▼

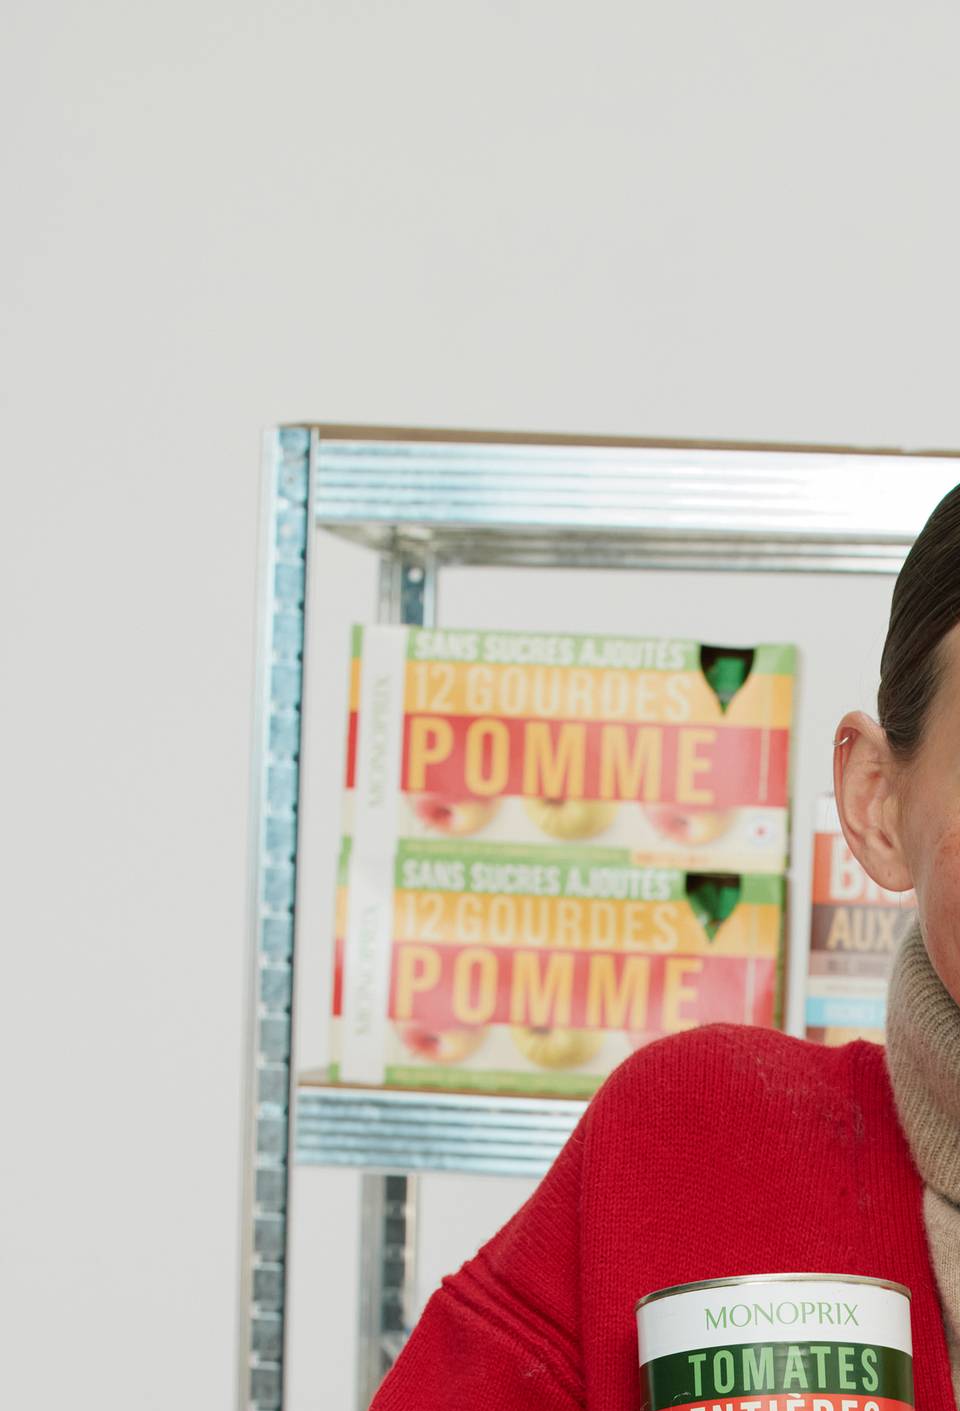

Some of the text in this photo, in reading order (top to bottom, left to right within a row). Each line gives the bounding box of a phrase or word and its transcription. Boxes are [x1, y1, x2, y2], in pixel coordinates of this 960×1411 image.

[415, 633, 477, 661] SANS
[488, 636, 575, 664] SUCRES
[415, 667, 691, 719] 12 GOURDES
[408, 717, 717, 802] POMME
[402, 860, 466, 889] SANS
[472, 863, 561, 896] SUCRES
[402, 895, 678, 946] 12 GOURDES
[826, 907, 896, 950] AUX
[396, 947, 704, 1032] POMME
[705, 1302, 859, 1330] MONOPRIX
[688, 1346, 879, 1397] TOMATES

▲

Exactly reproduce the entries above, minus the pictures.

--- Response area ---
Some of the text in this photo, in reading order (top to bottom, left to right within a row). Each line gives the bounding box of a phrase or word and its transcription. Boxes are [x1, y1, x2, y2], in pixel coordinates of this 960×1411 image.

[415, 633, 477, 661] SANS
[488, 636, 575, 664] SUCRES
[415, 667, 691, 719] 12 GOURDES
[408, 717, 717, 802] POMME
[402, 860, 466, 889] SANS
[472, 863, 561, 896] SUCRES
[402, 895, 678, 946] 12 GOURDES
[826, 907, 896, 950] AUX
[396, 947, 704, 1032] POMME
[705, 1302, 859, 1330] MONOPRIX
[688, 1346, 879, 1397] TOMATES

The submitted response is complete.